§ Exercise prompt
The pictures stay out; everything else in the entries below must be returned exactly.
════════════════
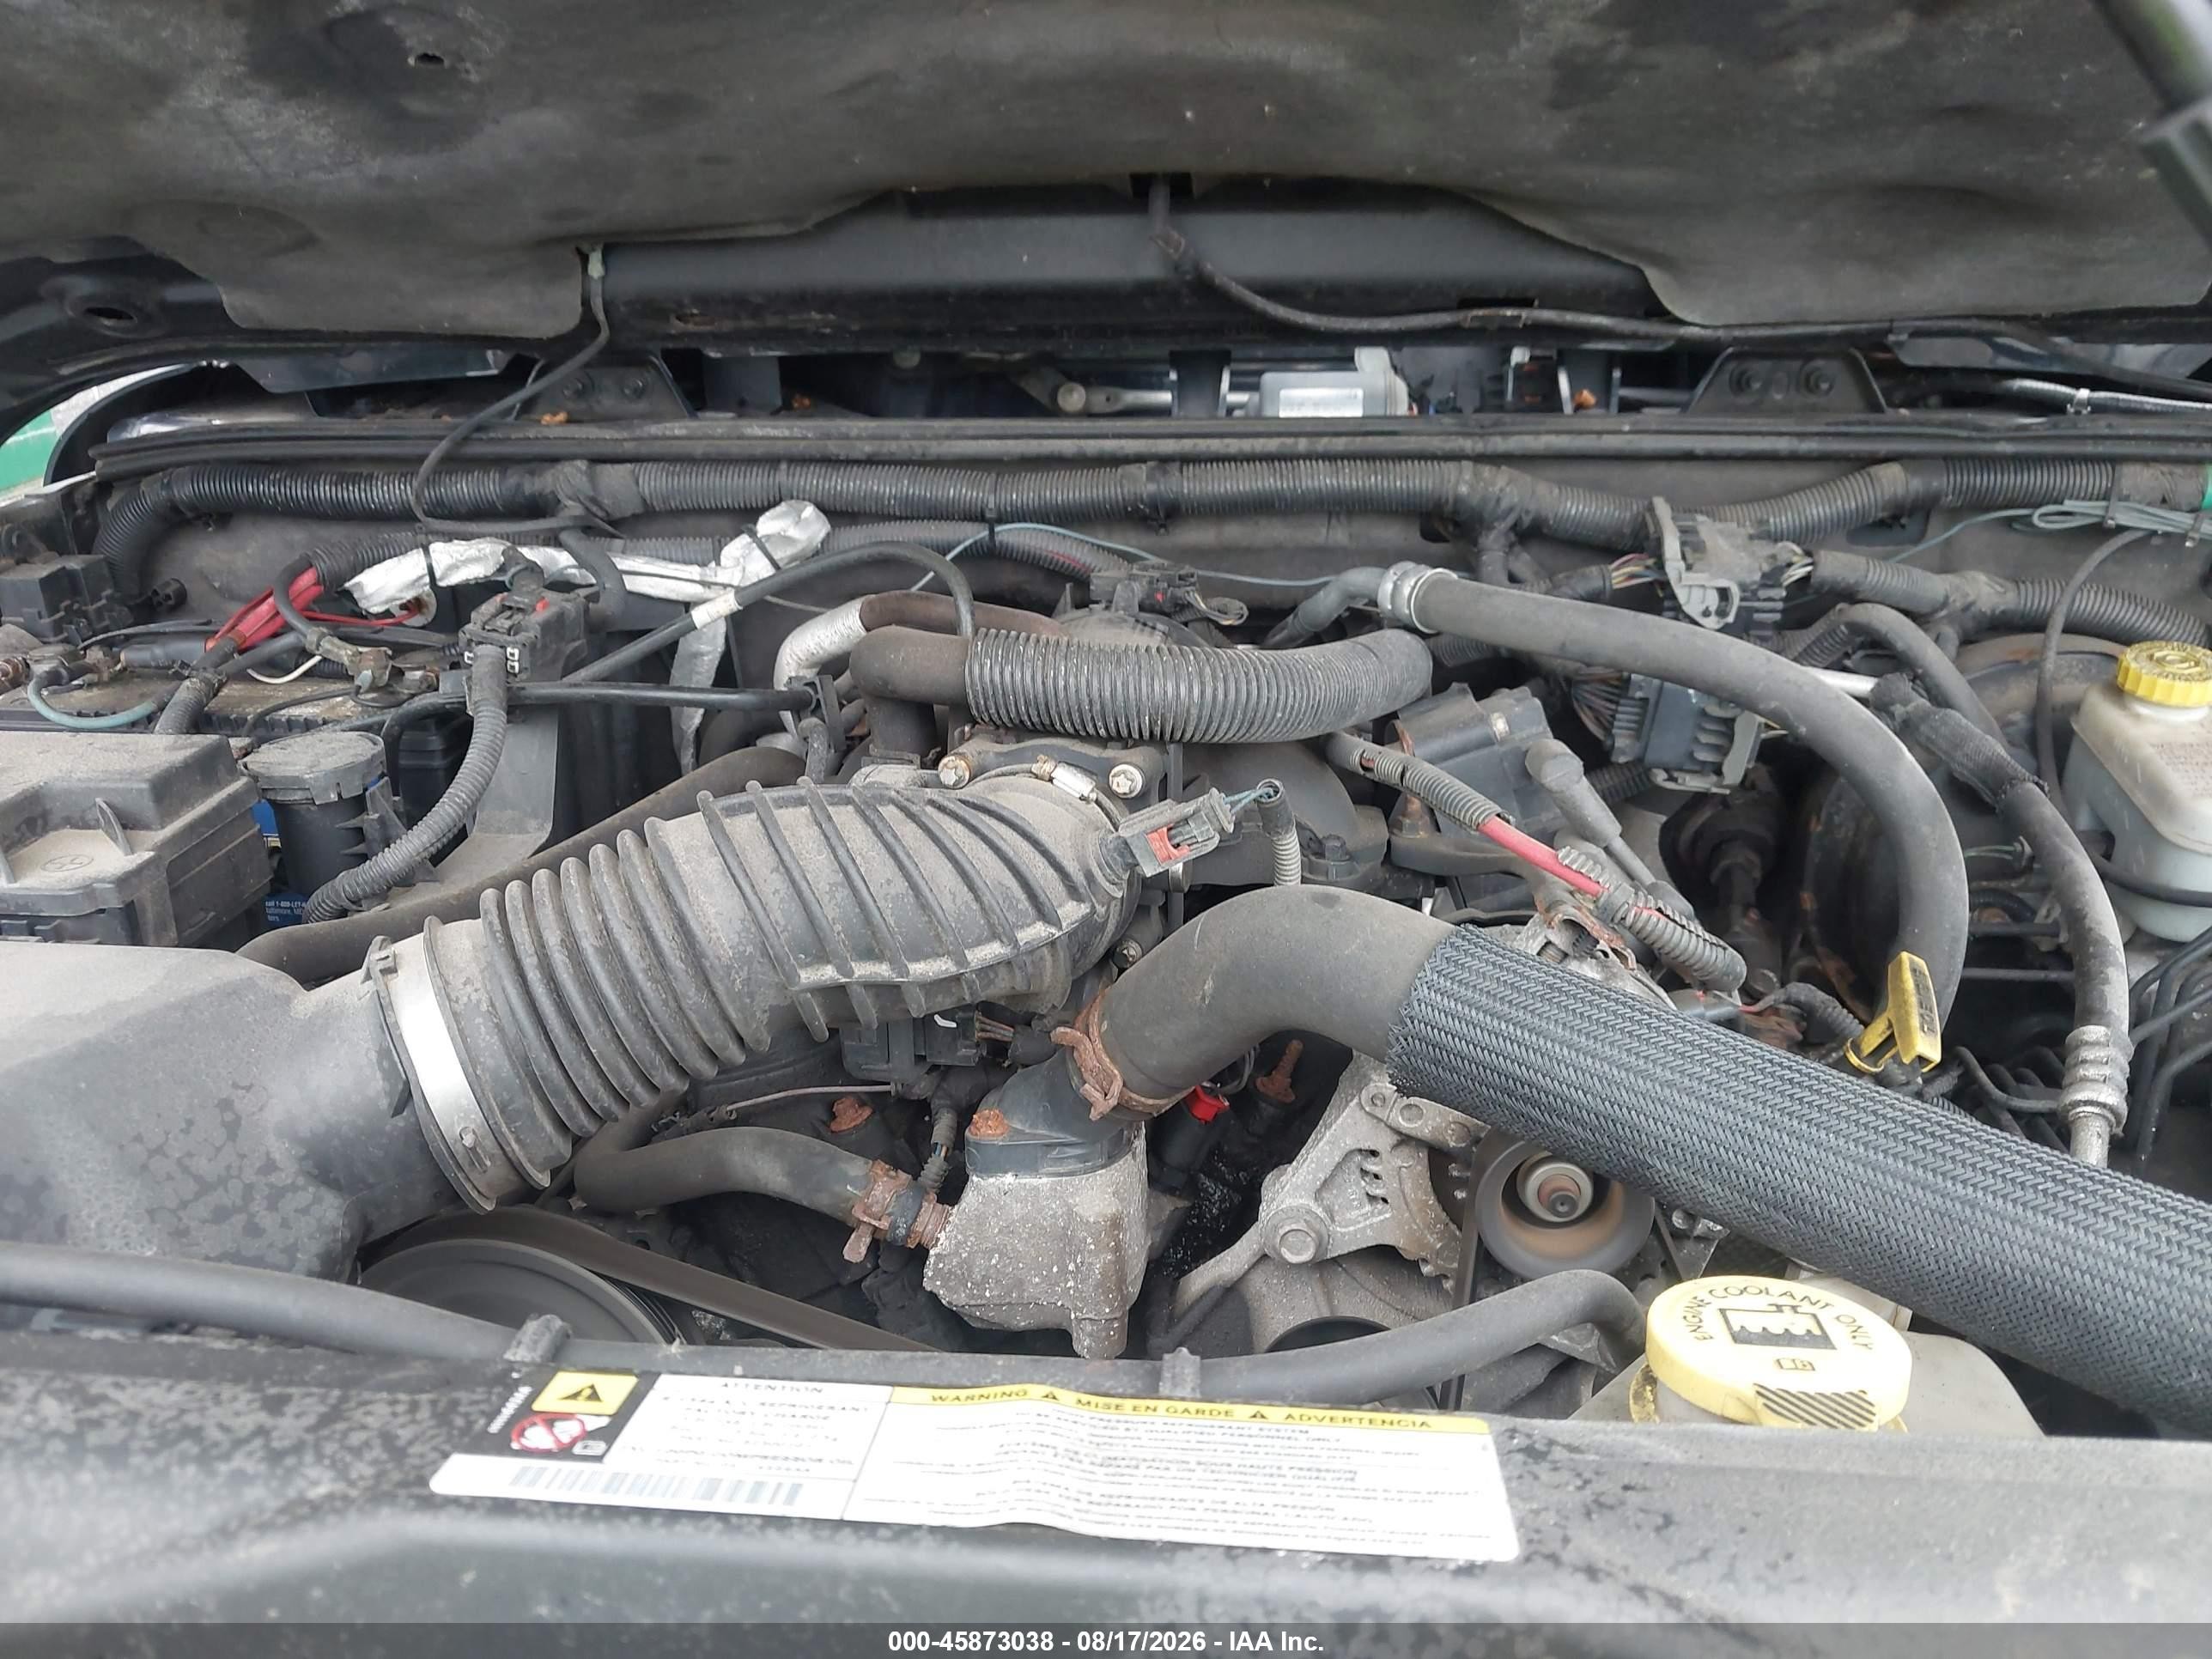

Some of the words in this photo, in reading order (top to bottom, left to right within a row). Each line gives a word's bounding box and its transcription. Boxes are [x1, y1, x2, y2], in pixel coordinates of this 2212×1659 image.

[1682, 1296, 1714, 1342] ENGINE
[1709, 1285, 1835, 1310] COOLANT
[1834, 1314, 1874, 1351] ONLY
[932, 1389, 1029, 1402] WARNING
[1076, 1397, 1127, 1411] MISE
[1131, 1403, 1158, 1413] EN
[1164, 1405, 1236, 1418] GARDE
[1284, 1413, 1432, 1429] ADVERTENCIA
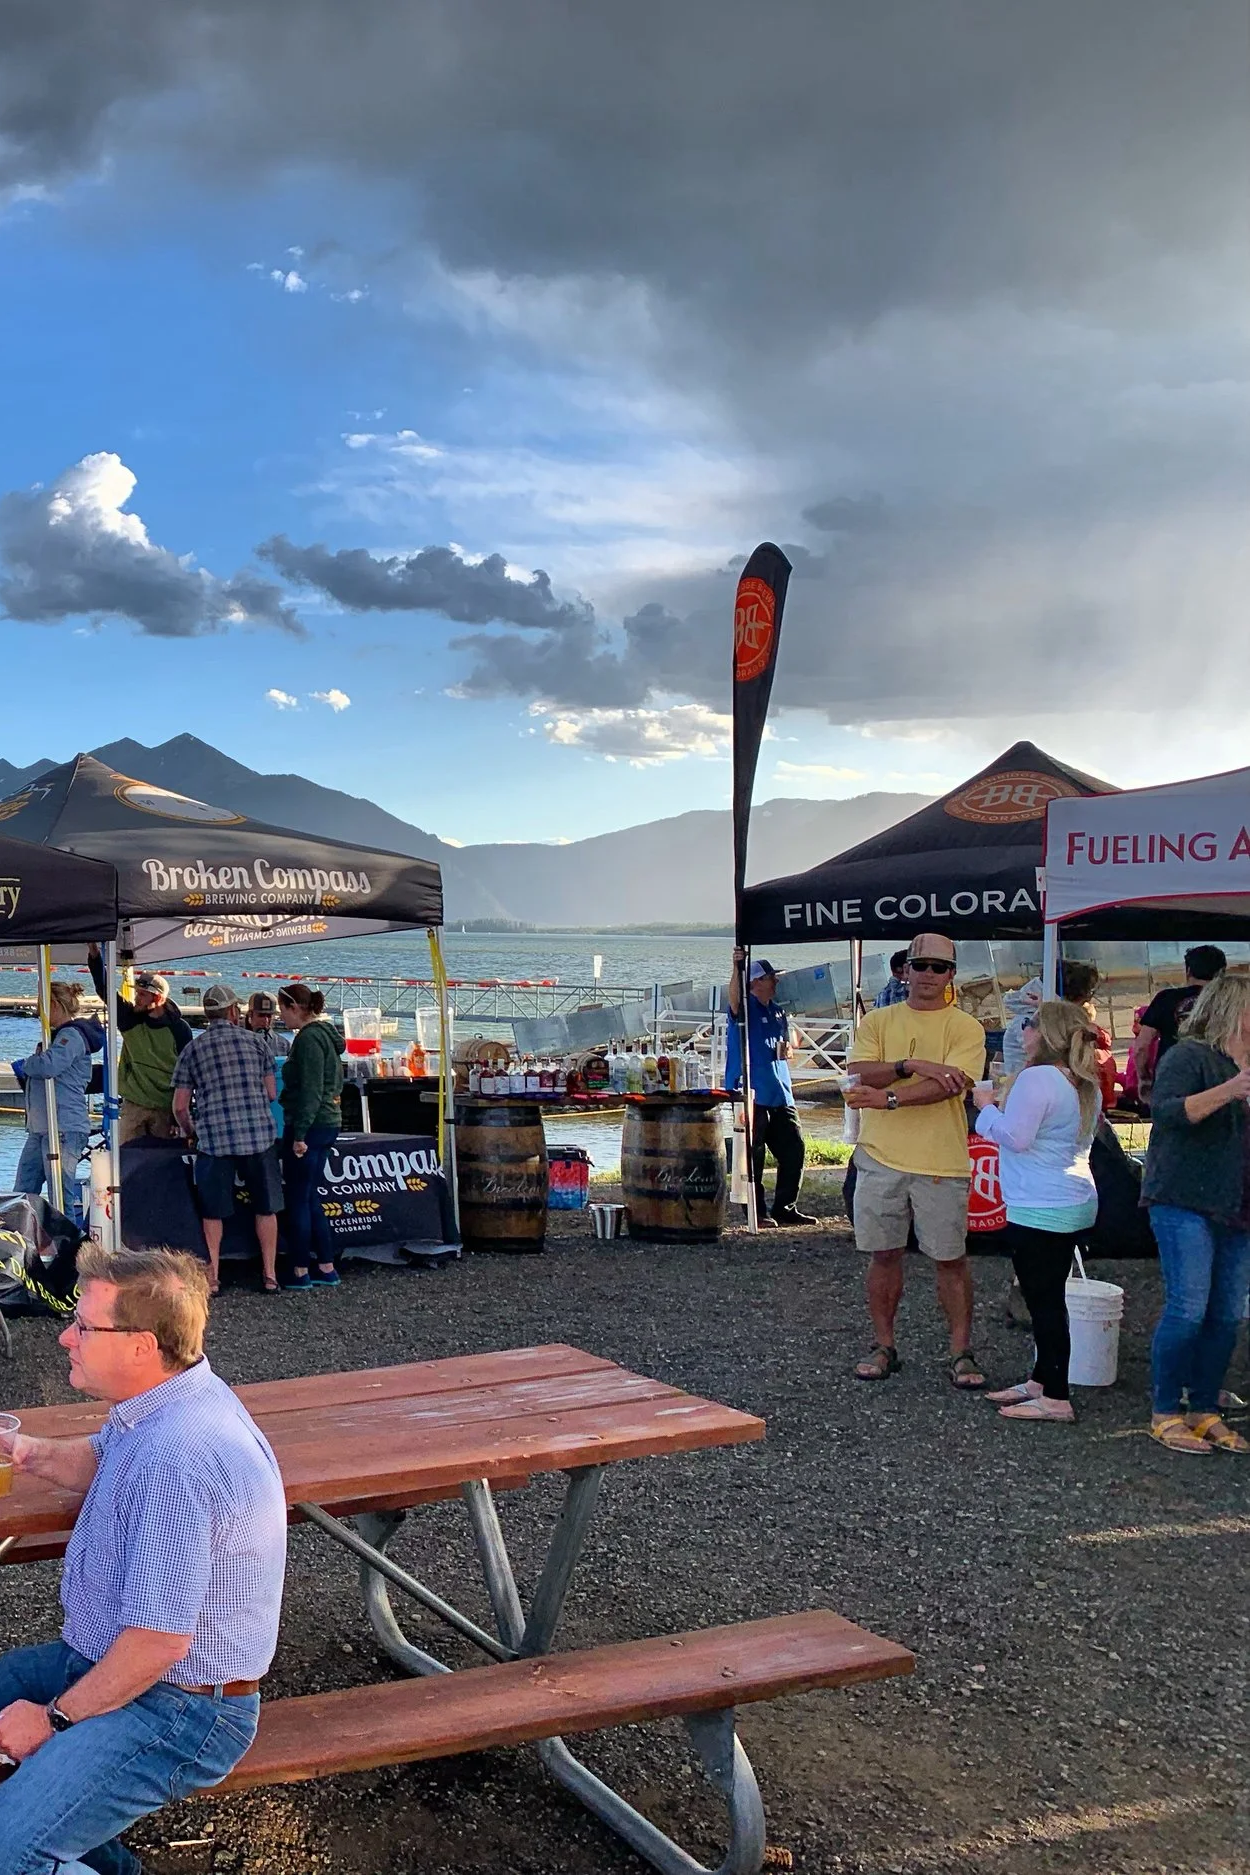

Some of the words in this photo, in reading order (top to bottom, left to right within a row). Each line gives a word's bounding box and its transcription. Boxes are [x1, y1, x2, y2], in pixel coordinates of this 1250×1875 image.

[964, 811, 1041, 821] COLORADO
[1067, 831, 1217, 866] FUELING
[142, 858, 252, 891] Broken
[254, 858, 372, 905] Compass
[205, 892, 257, 905] BREWING
[261, 893, 315, 905] COMPANY
[784, 898, 862, 928] FINE
[874, 888, 1043, 920] COLORA
[332, 1181, 397, 1195] COMPANY
[334, 1225, 371, 1233] COLORADO
════════════════
§ Output below
Some of the words in this photo, in reading order (top to bottom, left to right within a row). Each line gives a word's bounding box and its transcription. Boxes are [x1, y1, x2, y2], in pixel coordinates of this 2212×1659 image.

[1682, 1296, 1714, 1342] ENGINE
[1709, 1285, 1835, 1310] COOLANT
[1834, 1314, 1874, 1351] ONLY
[932, 1389, 1029, 1402] WARNING
[1076, 1397, 1127, 1411] MISE
[1131, 1403, 1158, 1413] EN
[1164, 1405, 1236, 1418] GARDE
[1284, 1413, 1432, 1429] ADVERTENCIA

Some of the words in this photo, in reading order (top to bottom, left to right within a row). Each line gives a word's bounding box and its transcription. Boxes are [x1, y1, x2, y2], in pixel coordinates of this 1250×1875 image.

[964, 811, 1041, 821] COLORADO
[1067, 831, 1217, 866] FUELING
[142, 858, 252, 891] Broken
[254, 858, 372, 905] Compass
[205, 892, 257, 905] BREWING
[261, 893, 315, 905] COMPANY
[784, 898, 862, 928] FINE
[874, 888, 1043, 920] COLORA
[332, 1181, 397, 1195] COMPANY
[334, 1225, 371, 1233] COLORADO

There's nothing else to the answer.